_Work to be completed_
Every entry below should be reproduced exactly, with all pictures left out.

_Exercise inputs_
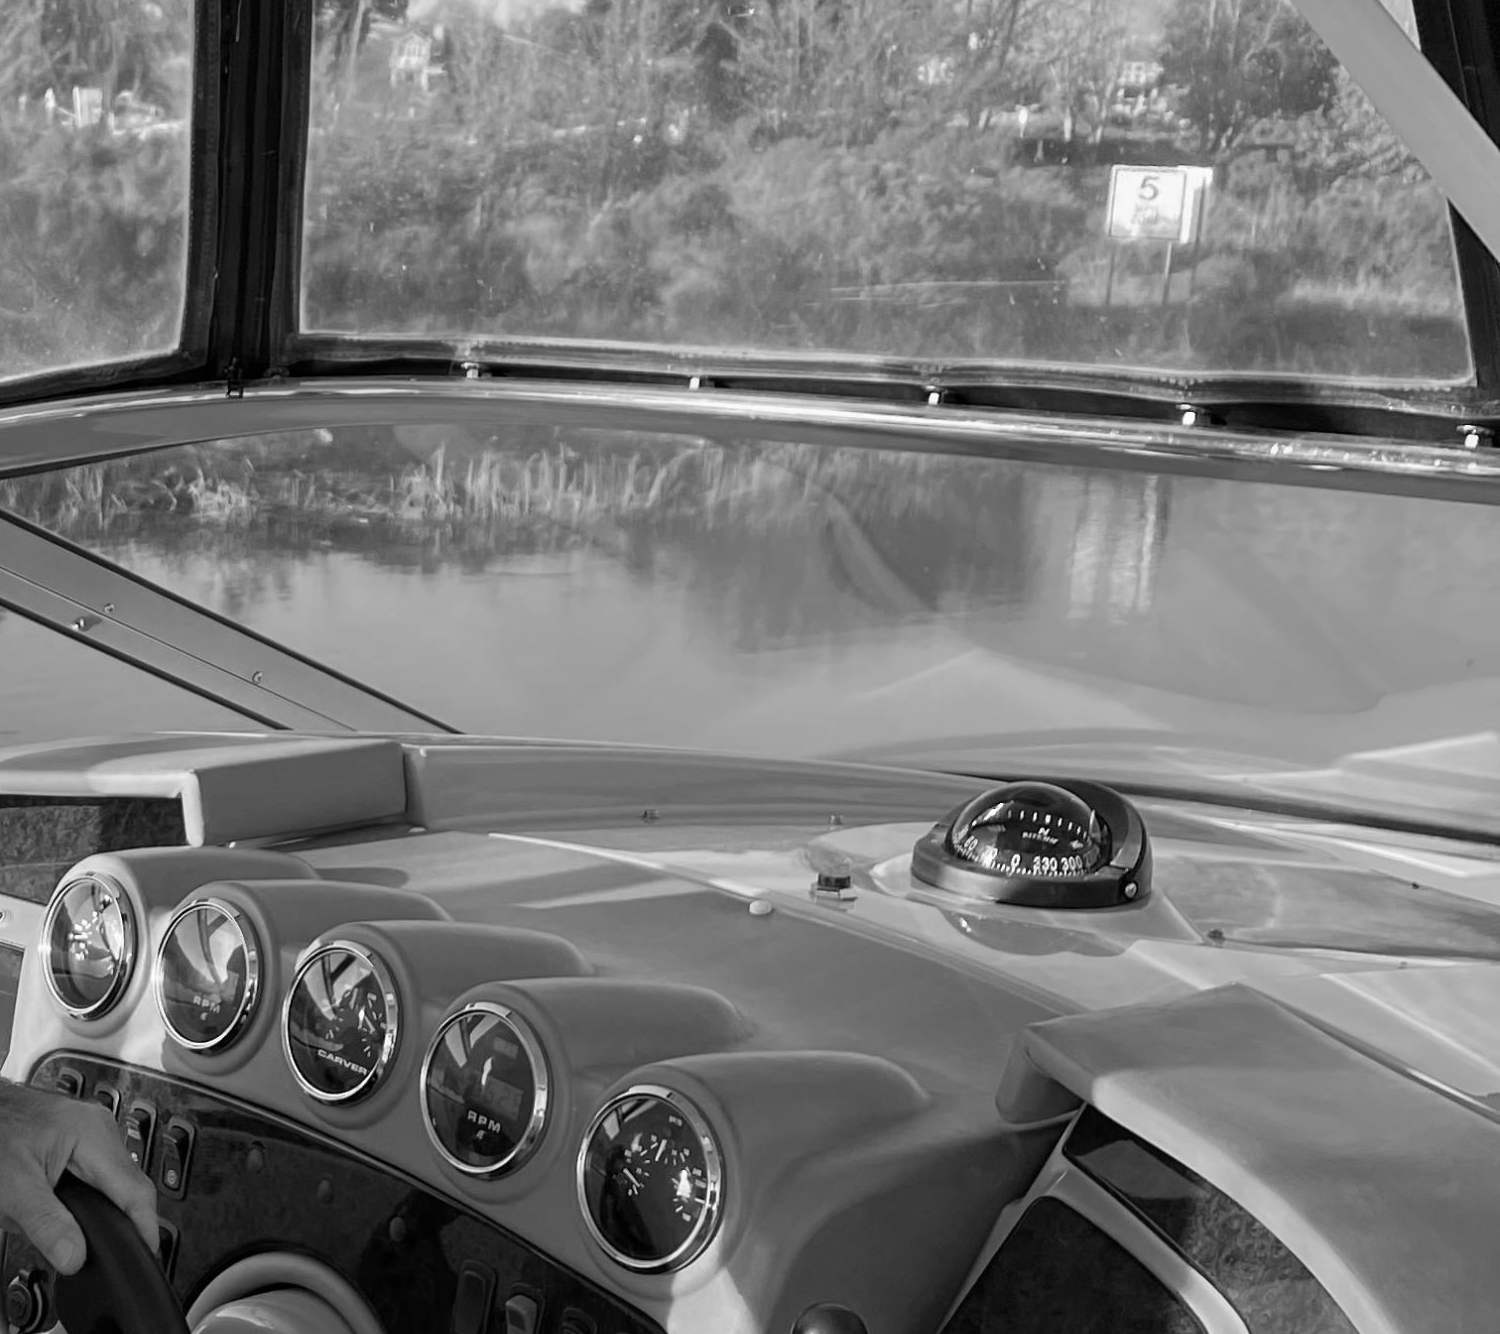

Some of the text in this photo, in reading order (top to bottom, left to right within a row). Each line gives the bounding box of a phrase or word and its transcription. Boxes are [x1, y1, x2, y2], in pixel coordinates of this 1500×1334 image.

[1138, 175, 1159, 201] 5
[1010, 853, 1021, 869] 0
[1060, 854, 1083, 871] 300
[192, 994, 221, 1014] RPM
[317, 1049, 368, 1076] CARVER
[467, 1109, 501, 1133] RPM

_Reply to the task_
Some of the text in this photo, in reading order (top to bottom, left to right within a row). Each line gives the bounding box of a phrase or word and its transcription. Boxes are [x1, y1, x2, y2], in pixel coordinates of this 1500×1334 image.

[1138, 175, 1159, 201] 5
[1010, 853, 1021, 869] 0
[1060, 854, 1083, 871] 300
[192, 994, 221, 1014] RPM
[317, 1049, 368, 1076] CARVER
[467, 1109, 501, 1133] RPM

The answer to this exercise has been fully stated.